[Work required]: All of the data should be repeated exactly; pictures are not part of the copy.

[Dataset]:
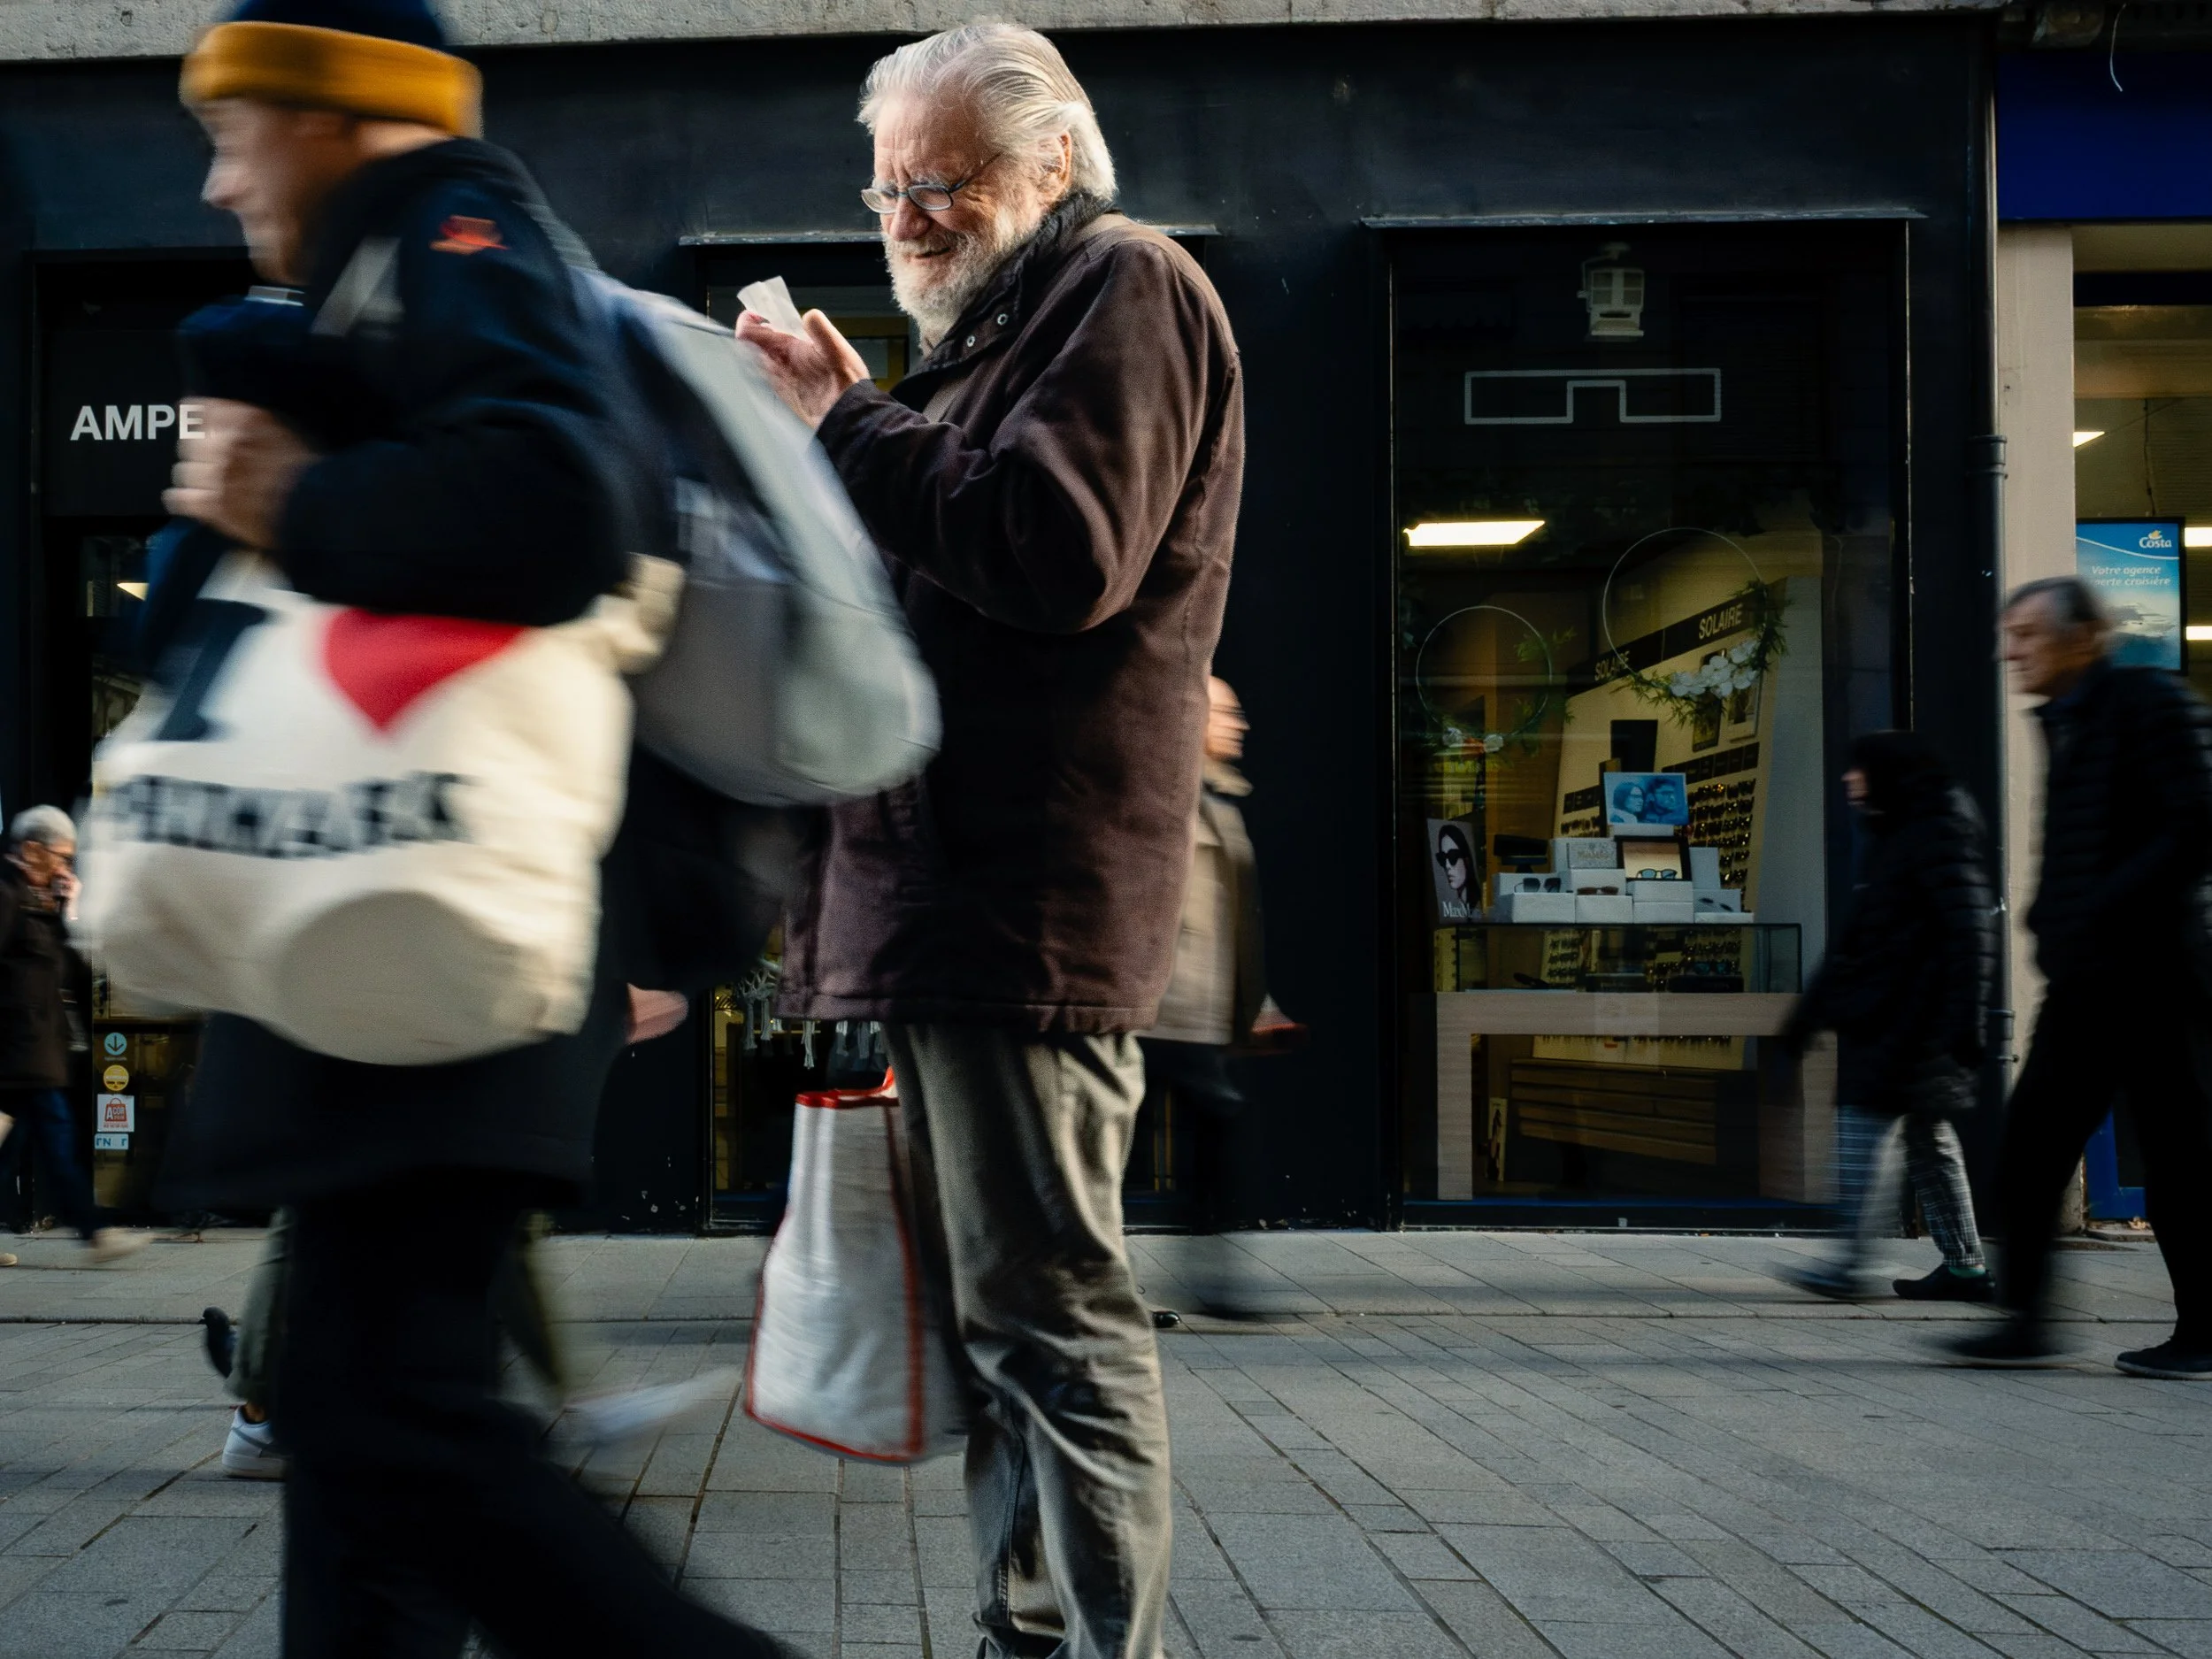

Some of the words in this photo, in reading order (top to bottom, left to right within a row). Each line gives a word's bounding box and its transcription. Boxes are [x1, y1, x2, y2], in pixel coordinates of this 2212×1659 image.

[70, 403, 206, 442] AMPE
[2139, 536, 2172, 549] Costa
[2092, 566, 2122, 575] Votre
[2123, 566, 2162, 577] agence
[1698, 602, 1743, 640] SOLAIRE

[Completed task]:
Some of the words in this photo, in reading order (top to bottom, left to right within a row). Each line gives a word's bounding box and its transcription. Boxes are [x1, y1, x2, y2], in pixel coordinates of this 2212×1659 image.

[70, 403, 206, 442] AMPE
[2139, 536, 2172, 549] Costa
[2092, 566, 2122, 575] Votre
[2123, 566, 2162, 577] agence
[1698, 602, 1743, 640] SOLAIRE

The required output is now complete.